Before I had my daughter, I knew that motherhood would change things. I knew it would change the amount of time I had available for myself in the day. I knew it would change my body.

I knew it would change the trajectory of my career . But I didn't realize how deeply it would change me. New motherhood involves a seismic shift, not just physically, but in your hormones, in your day-to-day activities, in the way you think, and in the trajectory of your life.

I have been feeling around for a metaphor to describe this process. The closest I've been able to land on is kintsugi : the Japanese art of repairing broken pottery with gold. The pot may have been broken apart and rebuilt — it may even look and act almost the same as it did before — but it is forever changed, now imbued with precious metal.
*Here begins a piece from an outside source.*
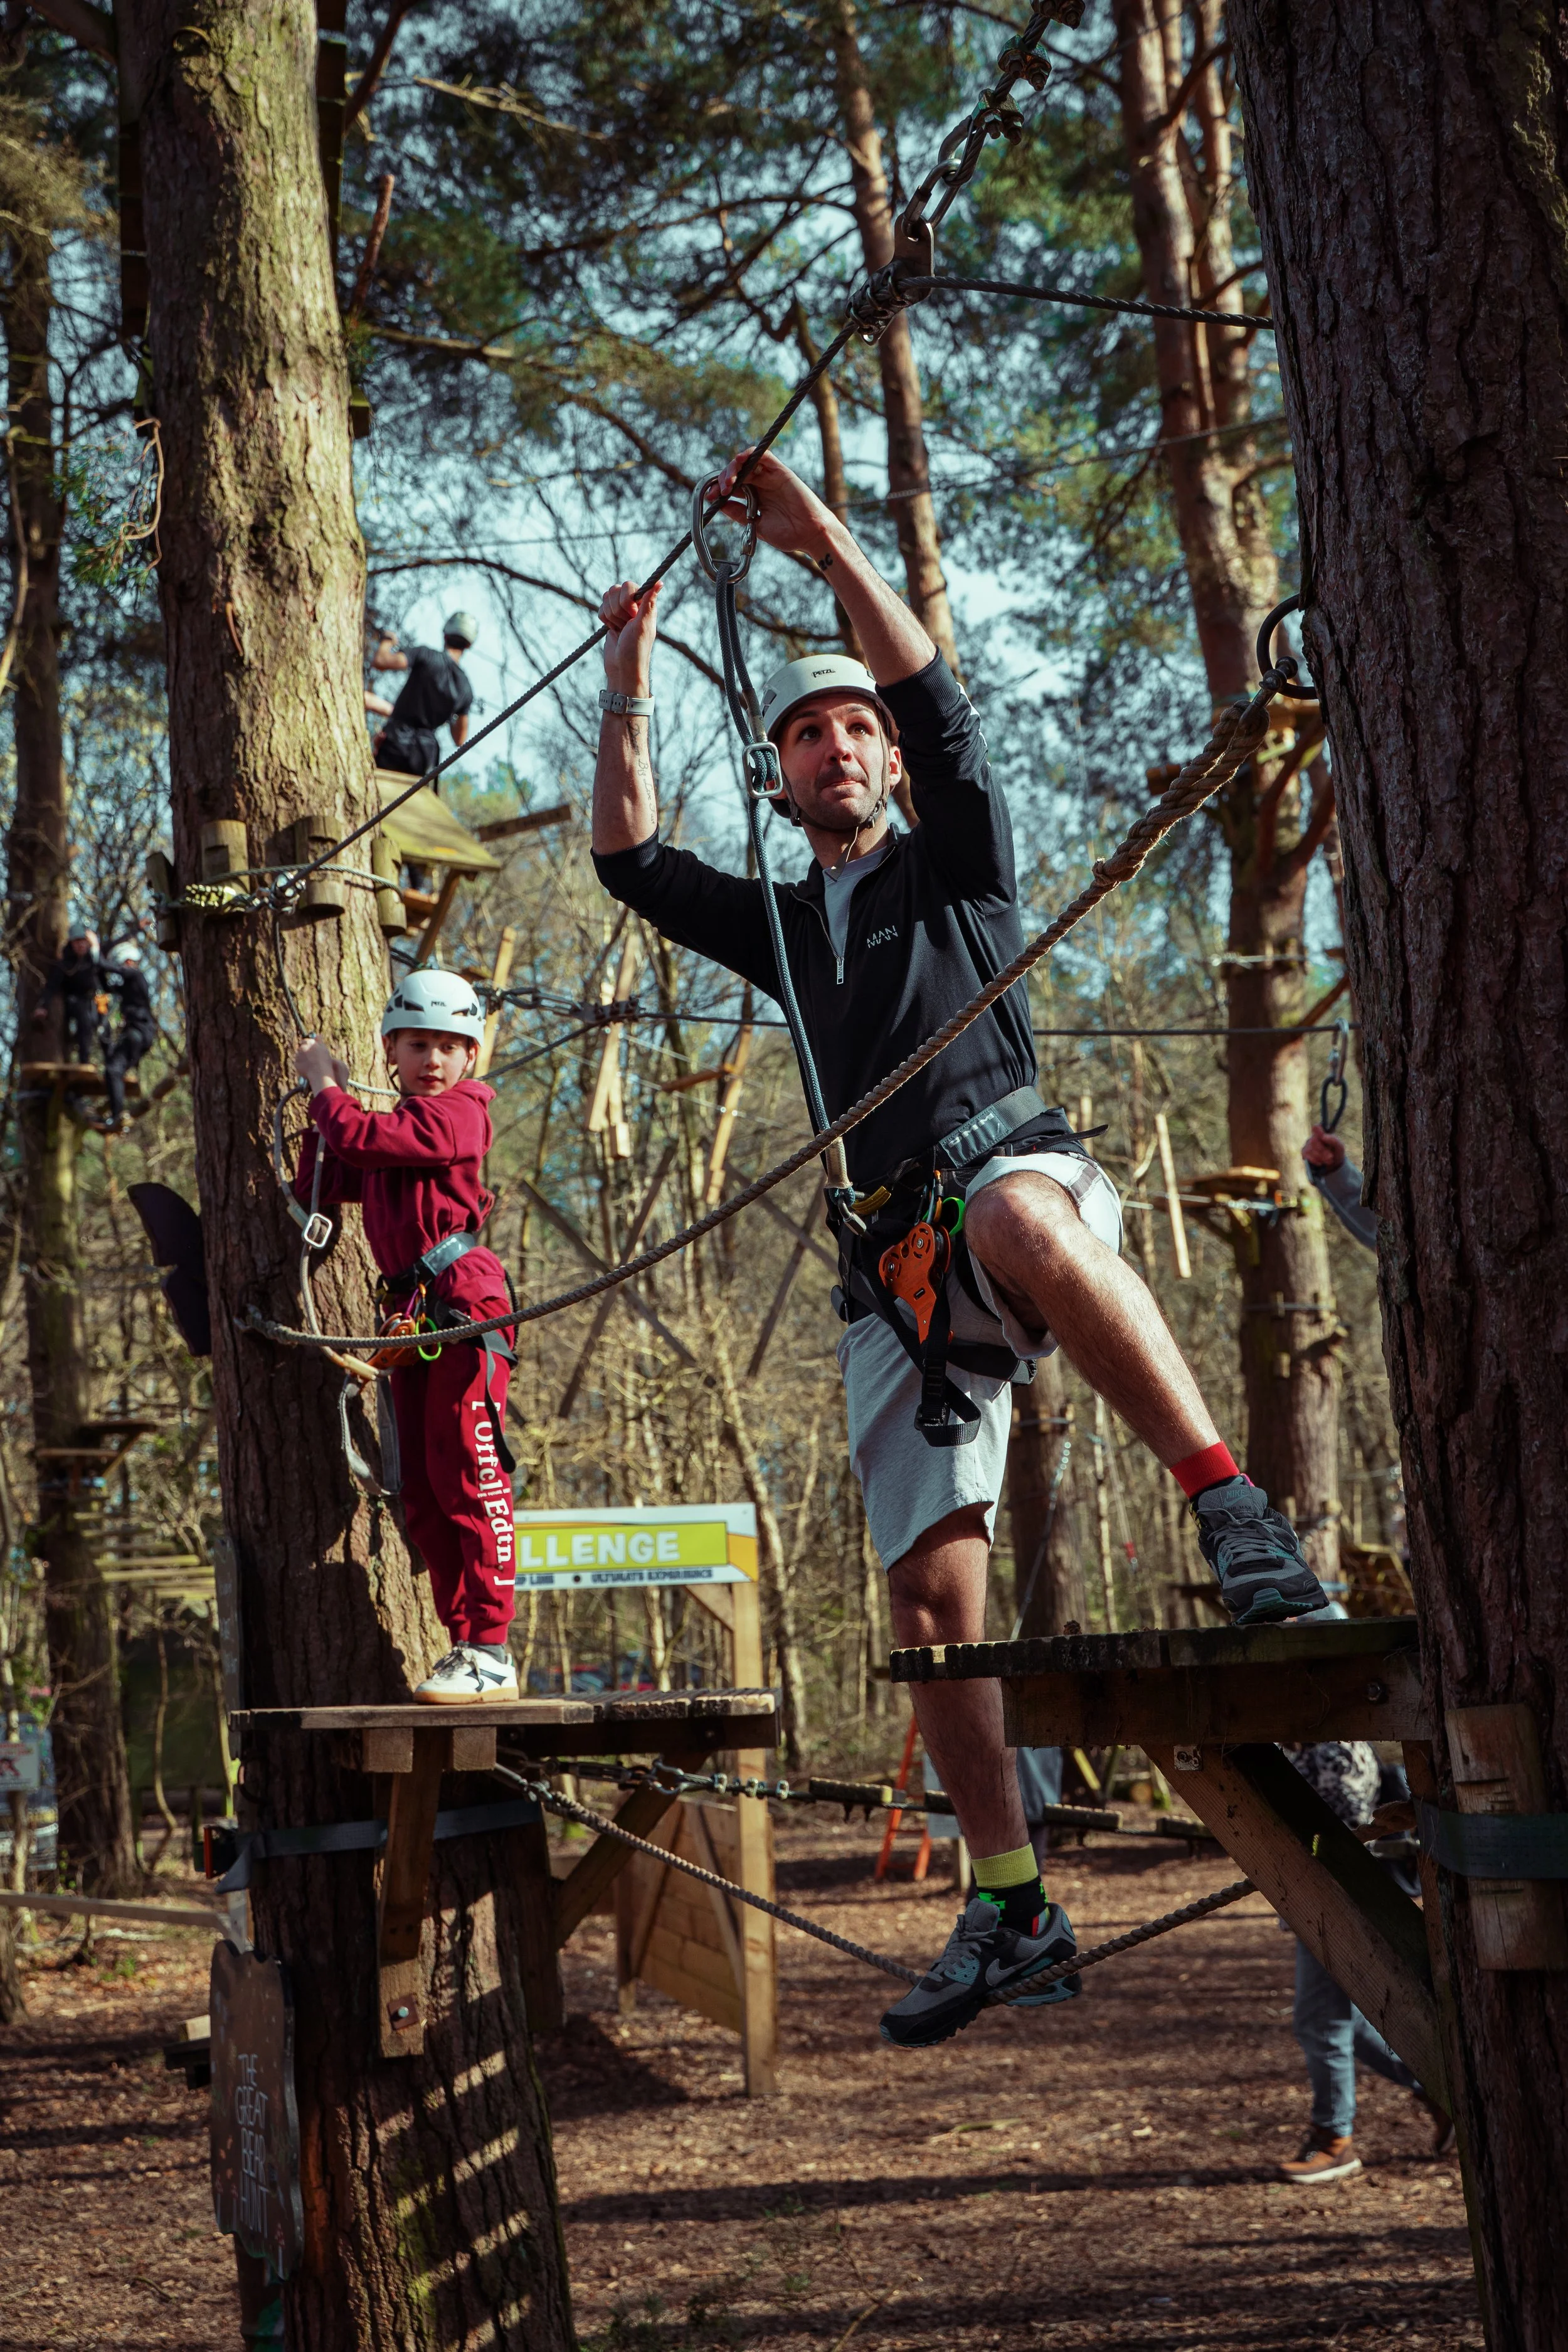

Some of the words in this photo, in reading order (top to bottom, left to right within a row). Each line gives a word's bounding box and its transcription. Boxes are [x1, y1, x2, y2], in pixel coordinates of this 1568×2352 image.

There is a word for this unraveling and remaking: matrescence. First coined by anthropologist Dana Raphael in the 1970s, matrescence is a period of transformation, much like adolescence, that takes place during early motherhood. "The scope of the changes encompasses multiple domains — bio, psycho, social, political, spiritual — and can be likened to the developmental push of adolescence," explains clinical psychologist Aurélie Athan, PhD.

While matrescence is being spoken about more in spaces for new mothers, there is scant discussion outside of these spaces. For those considering motherhood, and for those surrounding and supporting new mothers, more education is needed on wha.